PROVA 1 — HISTÓRIA Autorizado por O TESTE para a Comunidade Unida P: Explique o Primeiro Estágio da Guerra das Nações. R: O assassinato do PrimeiroMinistro Chae quebrou a Aliança Oriental e deflagrou
uma luta de forças entre as outras nações e uma guerra civil. Durante a guerra civil, bombas foram jogadas nos Estados Coreanos, matando a maior parte da população e causando o colapso de dois reatores nucleares. P: Quais foram as duas primeiras colheitas geneticamente modificadas a serem cultivadas com sucesso nos campos fora de Tosu
City? R: Trigo e milho. P: Explique a causa do Quinto, do Sexto e do Sétimo Estágios da Guerra e seu impacto na América do Norte. R: O uso de armas nucleares e biológicas aumentou a pressão perto de falhas geológicas. Esse aumento repentino de pressão causou ondas de terremotos e abalos secundários que
começaram no que outrora foi o estado da Califórnia e viajaram pelo continente. Terremotos também romperam os solos dos oceanos, causando a primeira das inundações que marcaram o início do Sexto Estágio e submergiram o que restava dos estados costeiros, matando a maior parte da população. O Sétimo Estágio foi marcado por uma mudança nos padrões climáticos. Tornados, tempestades de
ventos radioativos e seca fizeram a população diminuir ainda mais e atacaram todas as plantas, menos as mais duras, e as fontes de comida. Quando o tempo se acalmou, aqueles que sobreviveram puderam finalmente começar a reconstruir. P: Por que Tosu City foi escolhida como local para a capital da Comunidade Unida?

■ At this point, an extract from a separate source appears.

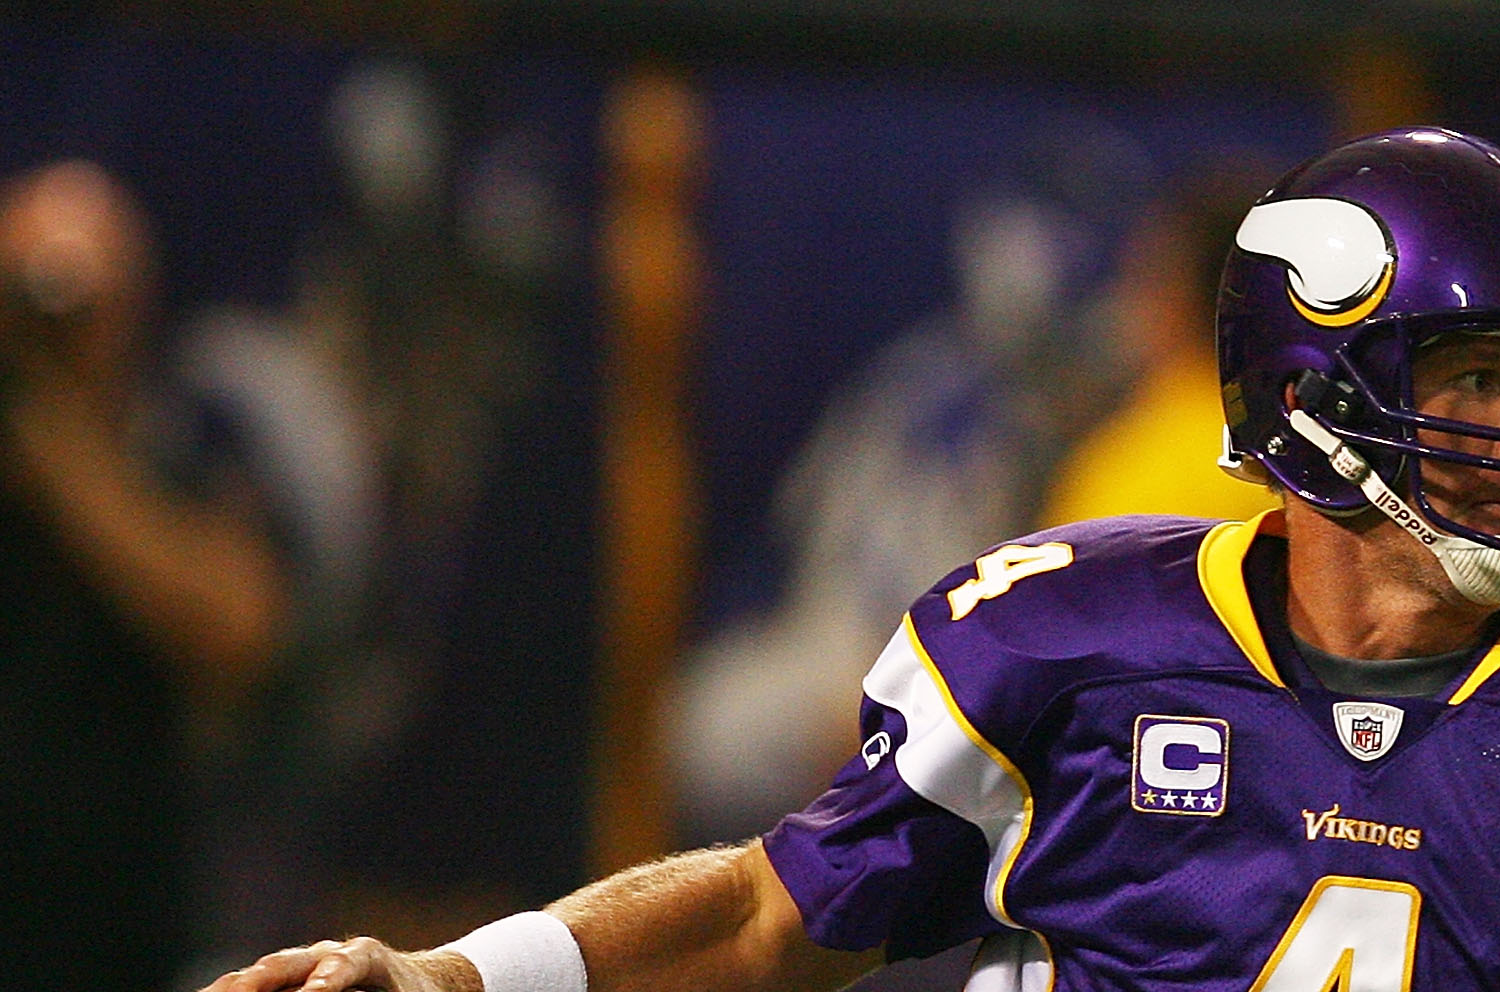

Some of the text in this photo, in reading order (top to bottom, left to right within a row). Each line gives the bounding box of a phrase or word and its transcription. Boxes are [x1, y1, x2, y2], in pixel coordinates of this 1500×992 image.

R: Por causa da natureza não estratégica do estado de Kansas, a cidade de Wichita não foi alvo durante os quatro primeiros estágios da guerra. Enquanto terremotos e tornados destruíram o norte da cidade, a maior parte ficou intocada, tornando-a o local ideal para iniciar o processo de reconstrução. O nome da cidade foi modificado de Wichita para Tosu, a fim de simbolizar a esperança de um
povo determinado a reconstruir o que foi perdido.